Özetle, örselenmelerle dolu bir çocukluk çağının mutlaka ağır bir kişilik bozukluğuna yol açmayabileceğini söyleyebiliriz. Ancak ağır kişilik bozuklukları sergileyen yetişkinlerin hemen hemen tamamında örseleyici bir çocukluk dönemi söz konusudur. Özellikle şizotipal, şizoid ve paranoid kişilik bozukluklarında ihmal edilme, istismara uğrama ve şiddet görme öyküsü mevcuttur. Parçalanmış aileler, bencil, ihmal edici ve acımasız ebeveynler ise antisosyal kişilik bozukluğu olan bireyler yetiştirmeye adaydır.
Kişilik bozukluklarında babanın rolü nedir? Psikopatolojilerde erken dönem anne-çocuk ilişkisinin etkisi büyük olsa da babanın da rolünü yadsıyamayız. Çocuğun psikolojik gelişimine katkı yapacak baba rolü şöyledir.
- Anneye koruyucu, sevgi dolu ve işbirliği içinde olmalı.
- Çocuğun ayrılma- bireyleşme döneminde anne ile özdeşleşmenin çözülmesine yardımcı olacak biçimde yansız, dengeli, güvenli, sığınılacak bir nesne olduğunu hissettirmeli.
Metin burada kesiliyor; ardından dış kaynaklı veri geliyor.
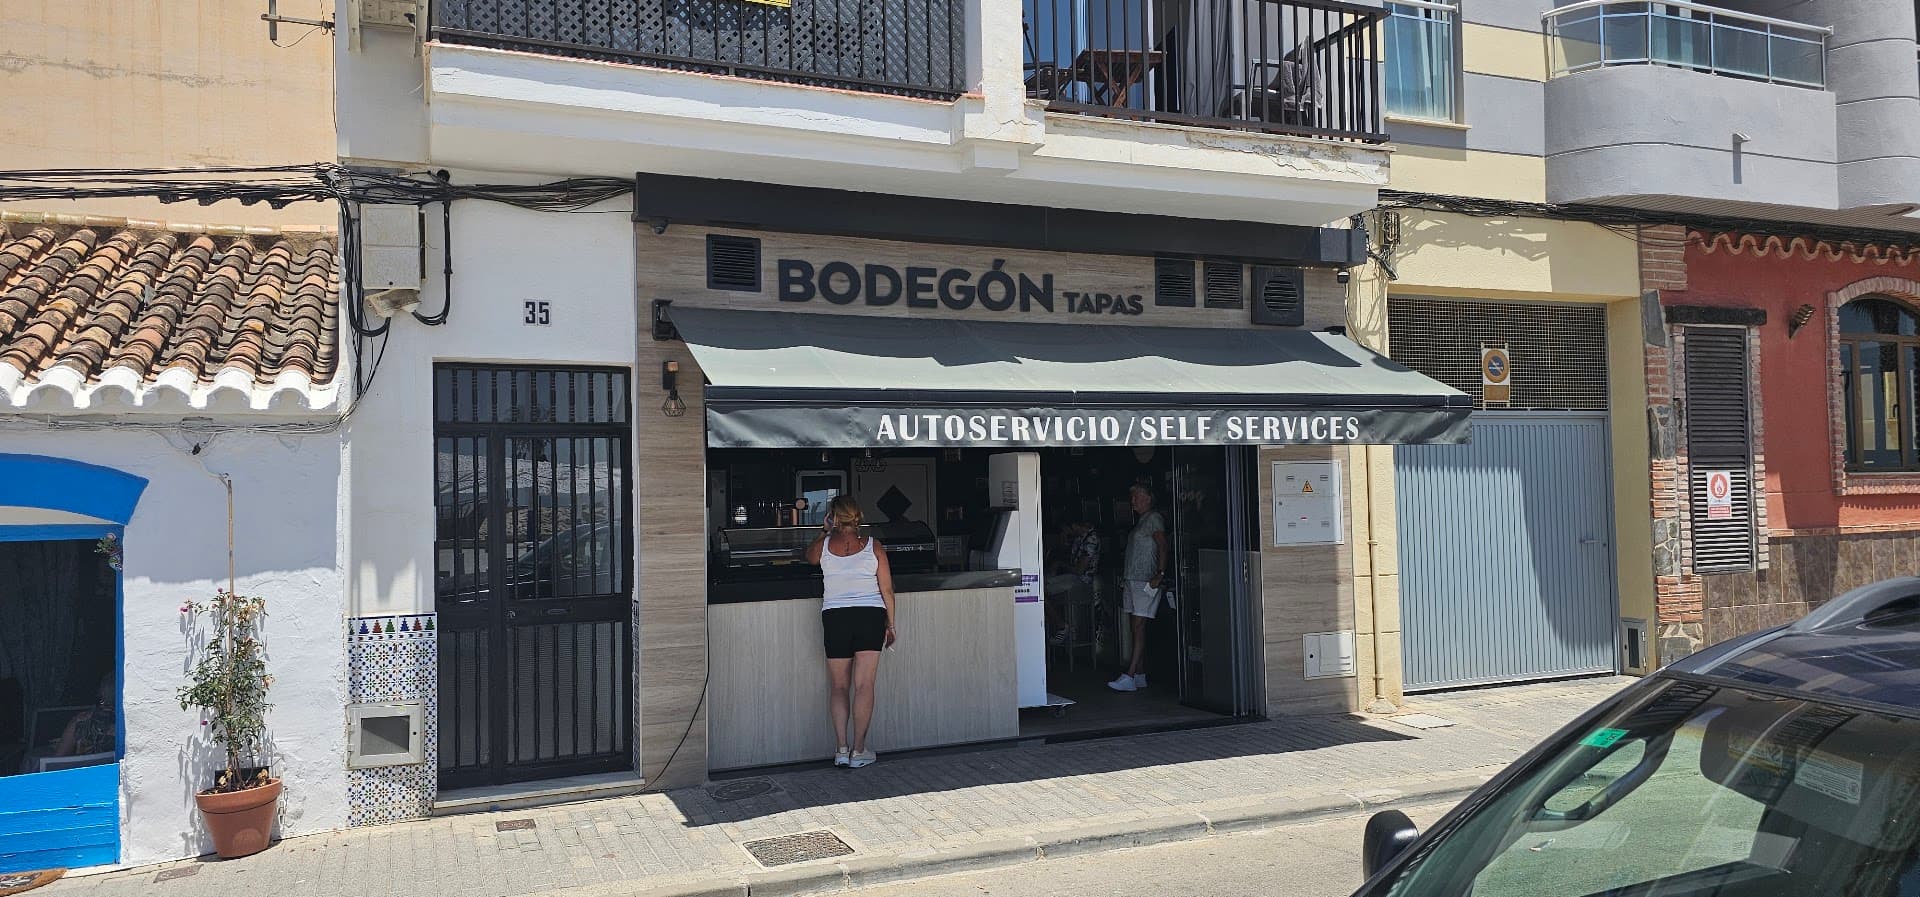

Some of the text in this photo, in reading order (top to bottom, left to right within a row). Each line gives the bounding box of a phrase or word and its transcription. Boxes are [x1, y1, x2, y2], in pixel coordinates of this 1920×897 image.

- Annenin duygusal eşi olduğunu çocuğa hissettirerek üçlü aile ilişkisini, birlikte zorlukları göğüsleyip, güzellikleri paylaştıklarını göstermeli.
- Oğluna imrenilecek bir model olarak özdeşim yapmasını sağlamalı, kızına ise kızının kadınsı yaklaşımlarını sınırlı bir karşılıkla yansıtarak çocukların cinsel kimliklerini kazanmalarına destek olmalıdır.
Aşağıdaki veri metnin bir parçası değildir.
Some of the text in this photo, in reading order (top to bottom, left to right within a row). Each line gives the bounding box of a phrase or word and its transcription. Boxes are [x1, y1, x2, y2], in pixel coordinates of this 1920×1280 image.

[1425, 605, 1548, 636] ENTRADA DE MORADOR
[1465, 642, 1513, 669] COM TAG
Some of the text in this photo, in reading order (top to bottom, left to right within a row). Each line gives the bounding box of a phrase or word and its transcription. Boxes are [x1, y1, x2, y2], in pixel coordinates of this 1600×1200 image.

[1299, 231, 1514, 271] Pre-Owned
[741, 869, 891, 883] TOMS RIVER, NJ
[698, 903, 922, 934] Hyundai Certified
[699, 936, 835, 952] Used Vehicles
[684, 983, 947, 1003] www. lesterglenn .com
- Baba yokluğu, babanın güçsüzlüğü ya da zorlayıcılığı ve sadizmi ağır kişilik bozukluğuna büyük katkı yapar.
- Preödipal dönemde anneye yeterince sevgi ve destek göstermeyen baba, annenin çocuğa anksiyöz biçimde yapışmasına yol açabilir. Anneye aşırı bağlanan çocuk, baba tarafından annenin ortak yaşamsal yörüngesinden çekilip çıkarılamadığından bağımlılık ve özerklik çatışmalarına neden olur. Bu tüm ağır kişilik bozukluklarının temel özelliklerinden biridir. Çocuğun anne ile bütünleşme arzusu ve korkusu arasındaki çelişki bunda sebeptir.
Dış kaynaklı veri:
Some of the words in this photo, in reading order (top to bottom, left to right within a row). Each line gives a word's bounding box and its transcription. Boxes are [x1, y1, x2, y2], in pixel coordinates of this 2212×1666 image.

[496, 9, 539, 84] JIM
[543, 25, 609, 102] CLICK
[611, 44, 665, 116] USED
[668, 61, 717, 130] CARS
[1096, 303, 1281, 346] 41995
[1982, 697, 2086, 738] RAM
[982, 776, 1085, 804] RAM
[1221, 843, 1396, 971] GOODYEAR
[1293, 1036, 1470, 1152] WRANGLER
- Çocukluğun ilerleyen dönemlerinde aşırı düşkün bir anne tarafından kötülenen baba, erkek çocuğu gerçek bir ödipal deneyimden yoksun bırakacak, kendini beğenmiş, kabadayı, rastgele cinsel ilişkiler yaşayıp, skor peşinde koşan, saygısız bir erkek görüntüsünün altında yoğun bir özgüven eksikliği, iğdiş edilme endişeleri, yaşam boyu baba açlığı, suçluluk duyguları ve kendine zarar verme eğilimi yaşanacaktır. Kendine zarar verme eğilimi süratli ve dikkatsiz araba kullanma, alkol ve madde alışkanlığı, kontrolsüz cinsel ilişkiler vs. ile kendini gösterebilir. Bu klinik görüntü erkek narsisistik hastalarda tipiktir.
- Kızına aşırı düşkün baba da psikopatolojiye zemin hazırlar. Bu durumda anne de duygusal özellikleri veya depresif hali nedeniyle çocuğa soğuk durursa preödipal örselenme ile başa çıkılamayıp, dış araçlarla tersine çevirme sağlanmaya çalışılır. Ruhsal patolojiler görülür.